TURN THE OTHER CHEEK
Dettoni’s sculpture “Turn the other cheek” presentation text of the sculpture by Miriam Diez Bosch published in the book: L’ULL DE LA VIOLENCIA -The Eye of the Violence– ISBN:978.84-9136-088-9 – several authors along with the images of sculpture.
The Reversible Peace
Reflection on the work ‘Turning the other cheek‘ by Guido Dettoni.
Míriam Díez Bosch PhD
Vicedegana de Recerca, Postgrau i Relacions Internacionals
Directora Observatori Blanquerna de Comunicació, Religió i Cultura
Turning the other cheek can become an insolent gesture: where traditionally we have seen the greatness of Christianity, in a world without references, it can become a provocation. You have wounded me, I challenge you to make more war. Aristotle distinguished between natural and violent movements. There are natural actions, like a piece of roof falling. It falls. It is not forced. It falls, but when I intentionally throw a stone, a missile, a poisoned word, that is an explicit act of violence.
Guido Dettoni is a pacifist of the stone. Already with his famous and revolutionary ‘Maria‘, a sculpture of the Virgin Mary made to be ‘touched’, he broke the silence and ventured into an unusual Marian tangibility. Now, with the sculpture ‘Turning the Other Cheek‘, he traces that peaceful yet dynamic thread that characterises his work. Peace is not a state of unconsciousness, but the result of tension, renunciation and containment. In a sculpture, without containment, we would still have amorphous pieces of matter. It is in sensitivity and limitation that the piece is realised.

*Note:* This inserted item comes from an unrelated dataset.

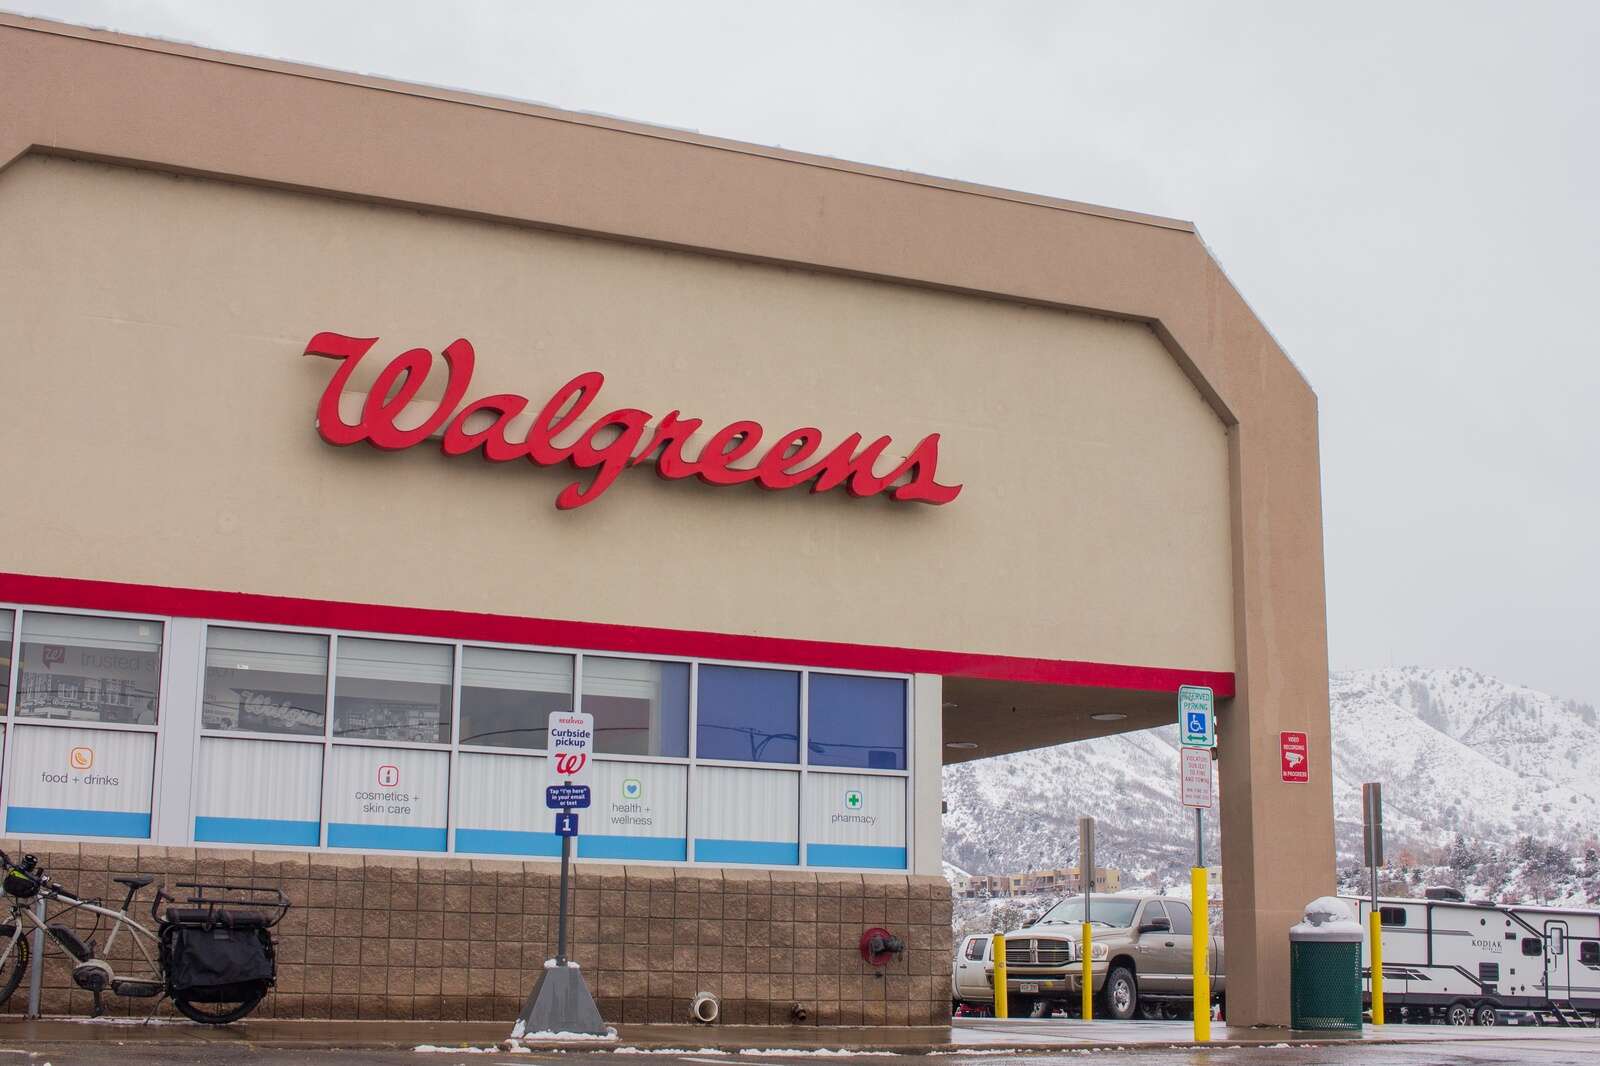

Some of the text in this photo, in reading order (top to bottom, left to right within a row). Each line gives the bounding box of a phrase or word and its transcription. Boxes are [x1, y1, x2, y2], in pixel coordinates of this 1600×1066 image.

The face that Dettoni offers us is not complete, because violence always leaves partiality. If we move this face, there is an angle from which it hints at a smile. Unmasking violence, often concealed under parameters of self-defence, is easier with a smile. This sculpture is not violent. Nevertheless, it throws us into the space where violence is possible. There can always be a violent gesture that sweeps away an irenic situation. From one moment to the next, violence, -which is the child of nature and digs its lair in the bowels of the most human- infiltrates itself.
Turning the other cheek for Guido Dettoni is following Jesus’ exhortation to welcome the aggressor and renounce revenge and all violence. In the Gospel we read that if someone strikes you on the right cheek, turn the other also (Matthew 5:39). The artist, with this sculpture, wanted to say visually and tactilely, how he interprets this sentence from the Gospel. He has modelled a hand-sized object that represents a face in which the left half loses the anatomical relief of the face to accommodate the palm of the hand that strikes the cheek and, inevitably, takes it making it his own. It is a movement that grasps without letting go, that completes itself while emptying itself.
Jesus’ request is not an easy thing. He asks to turn the other cheek. Dettoni sees, in the act of striking a second time, the awareness of the first violence exercised.
The face, a condensation of the whole person, is accepted and it is the hand that, striking it, takes it. Guido Dettoni believes that Jesus’ exhortation points to a path of peace based on understanding our gesture that can lead to empathy: “Do it again, hit me again, so you will understand what you have done! Evil is not answered with evil but with a revolutionary act such as loving the enemy. This is a response that hits full force and destabilises the talion law and revenge: Christianity in its purest state. The materiality of this hold cheek presented by Dettoni is an invitation to bear the pulse of peace, a peace that does not come by stopping the blow, but by creating the conditions for the possibility of another blow.
And it is perhaps here, in this disarming, that the aggressor can glimpse that his violent act is futile.
To offer the cheek is to offer the face, and to offer the face is to offer the soul. To caress the cheek is to approach the inner gaze that perceives everything. The cheek is the embodiment of this will to make peace in spite of violence. The sculpture speaks and distils a soft musicality with vibrations, pinches. It is not a screaming sculpture, nor is it a silent sculpture. The violence is deafening. The peace that emerges from this image, on the other hand, comes quietly.